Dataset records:
↓

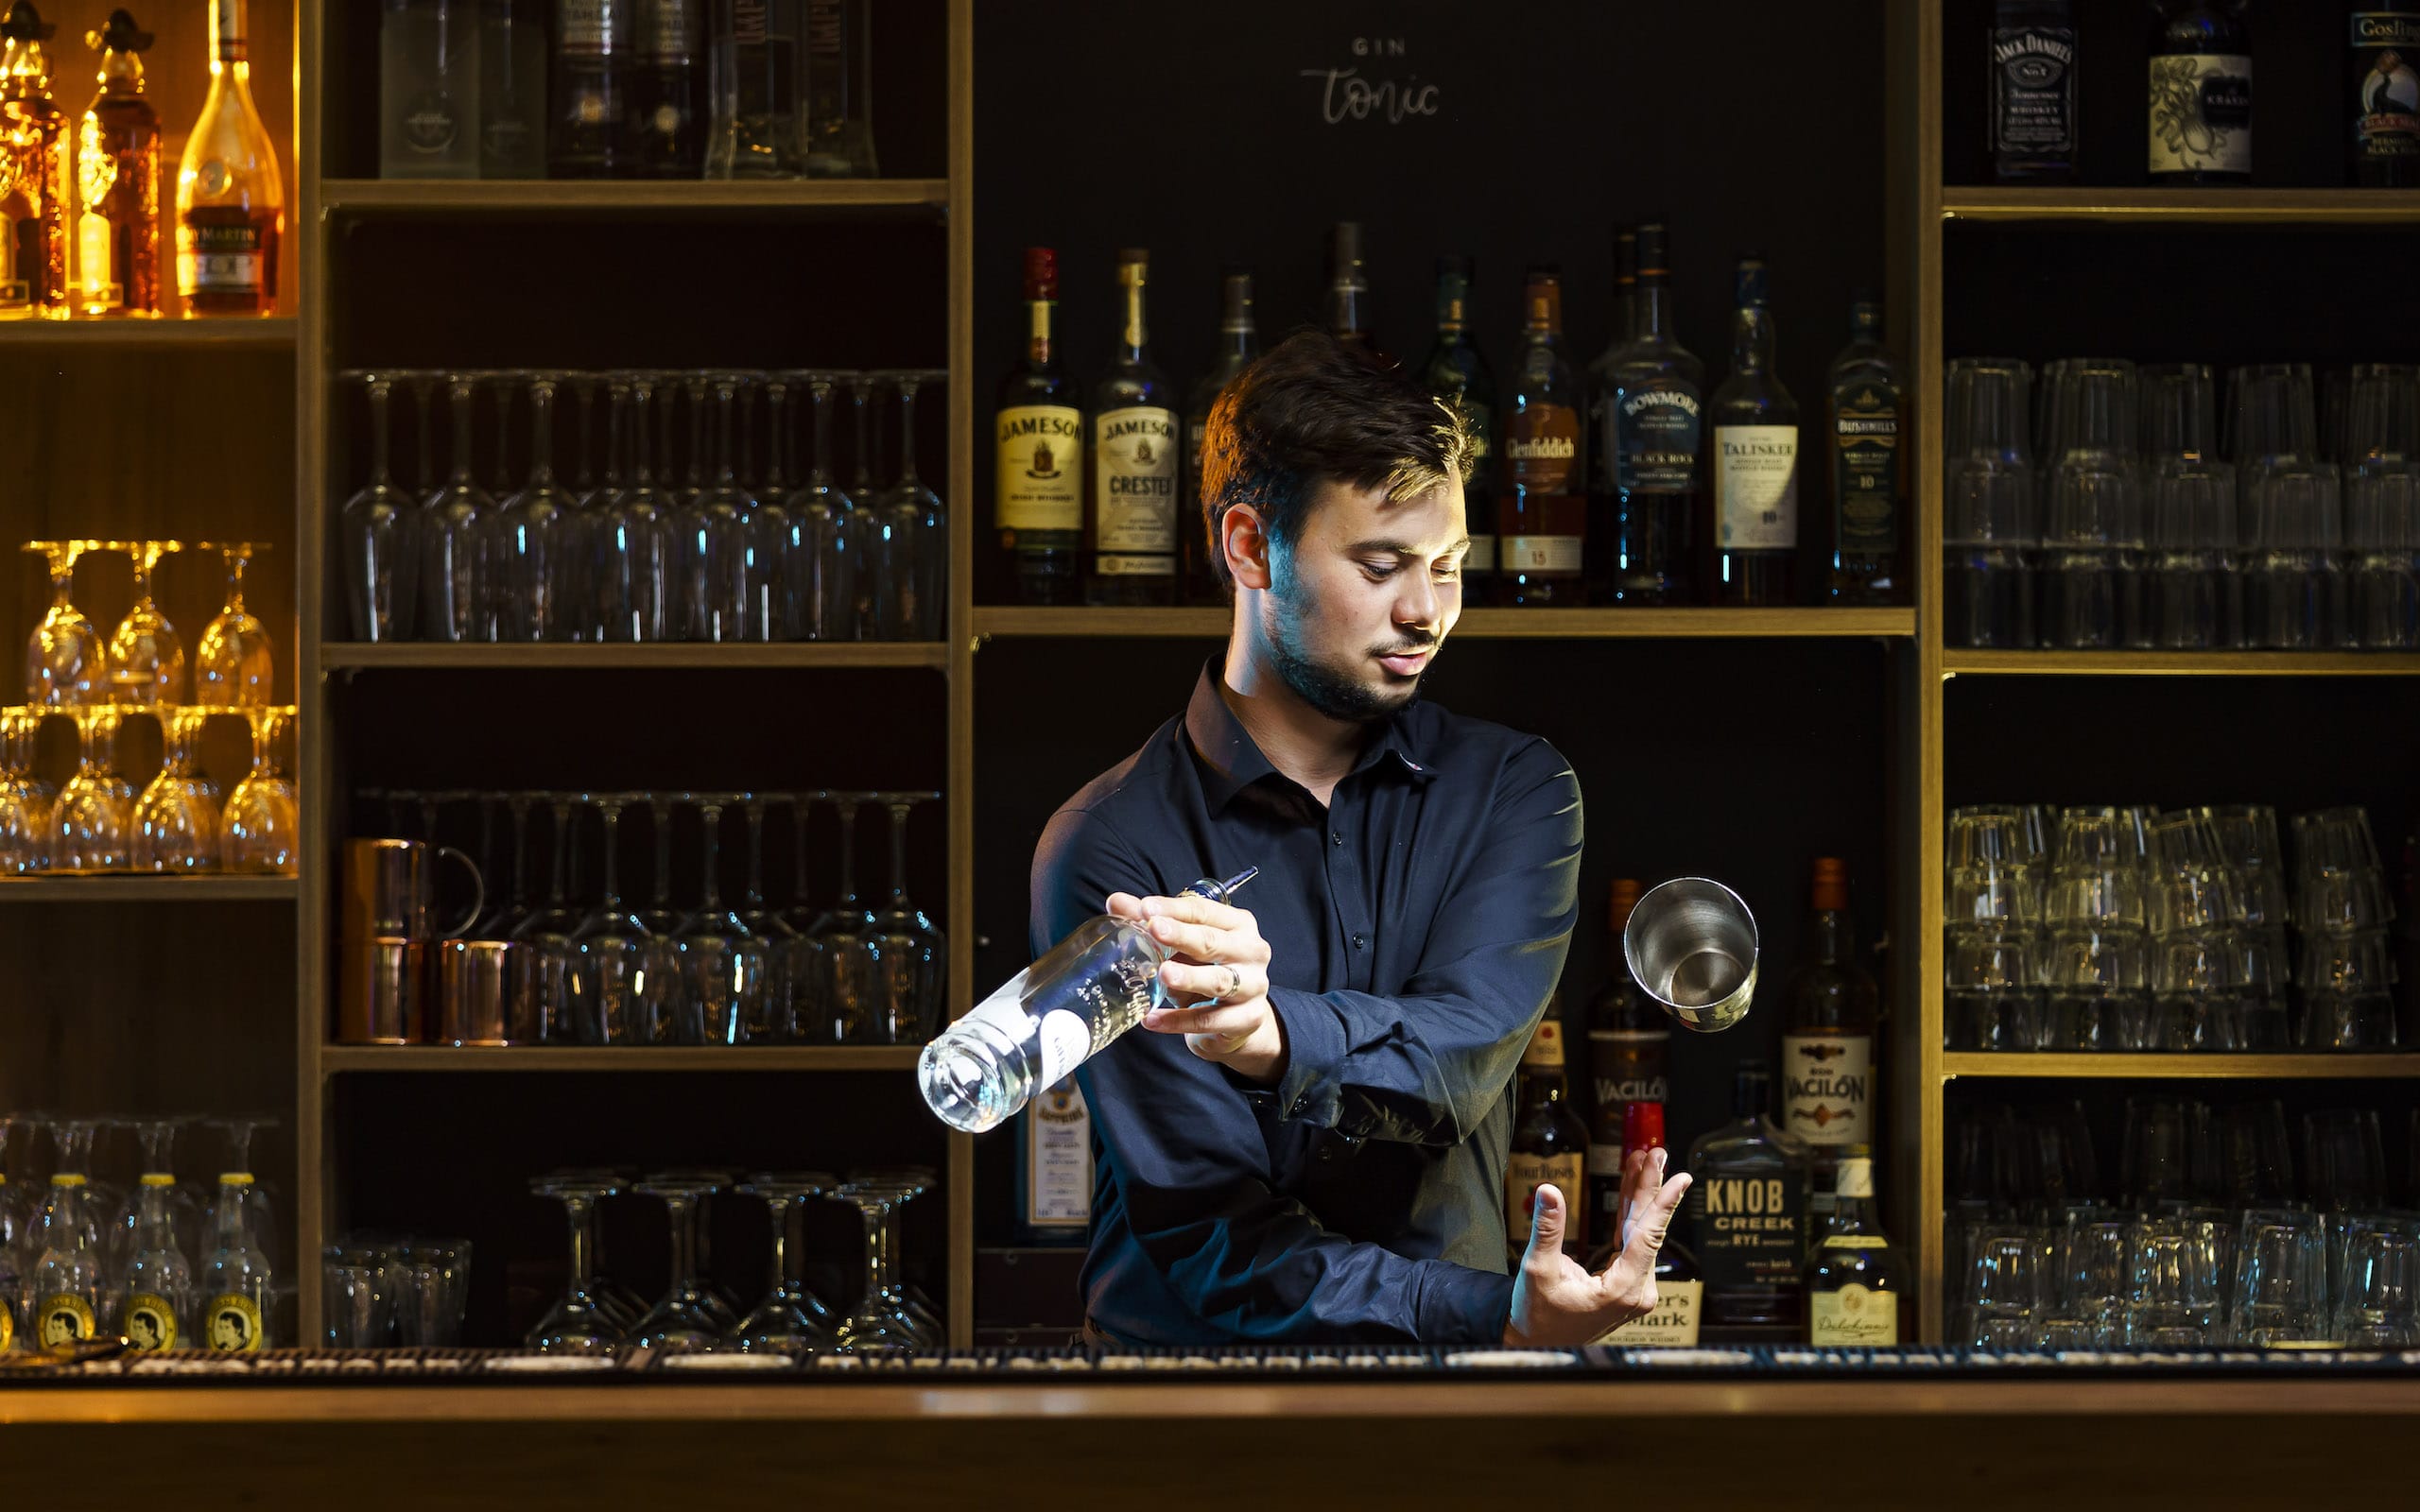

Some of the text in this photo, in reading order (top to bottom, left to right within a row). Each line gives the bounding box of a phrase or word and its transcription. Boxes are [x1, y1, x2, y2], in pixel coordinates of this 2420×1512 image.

[1352, 37, 1406, 56] GIN
[1994, 38, 2026, 64] JACK
[1623, 390, 1702, 418] BOWMORE
[999, 416, 1081, 443] JAMESON
[1105, 419, 1175, 441] JAMESON
[1704, 1177, 1785, 1215] KNOB
[1714, 1216, 1795, 1231] CREEK
[1731, 1232, 1760, 1247] RYE

↑

Except for the pictures, set down all of the records exactly as they are.

Some of the text in this photo, in reading order (top to bottom, left to right within a row). Each line gives the bounding box of a phrase or word and its transcription. Boxes are [x1, y1, x2, y2], in pixel coordinates of this 2420×1512 image.

[1352, 37, 1406, 56] GIN
[1994, 38, 2026, 64] JACK
[1623, 390, 1702, 418] BOWMORE
[999, 416, 1081, 443] JAMESON
[1105, 419, 1175, 441] JAMESON
[1704, 1177, 1785, 1215] KNOB
[1714, 1216, 1795, 1231] CREEK
[1731, 1232, 1760, 1247] RYE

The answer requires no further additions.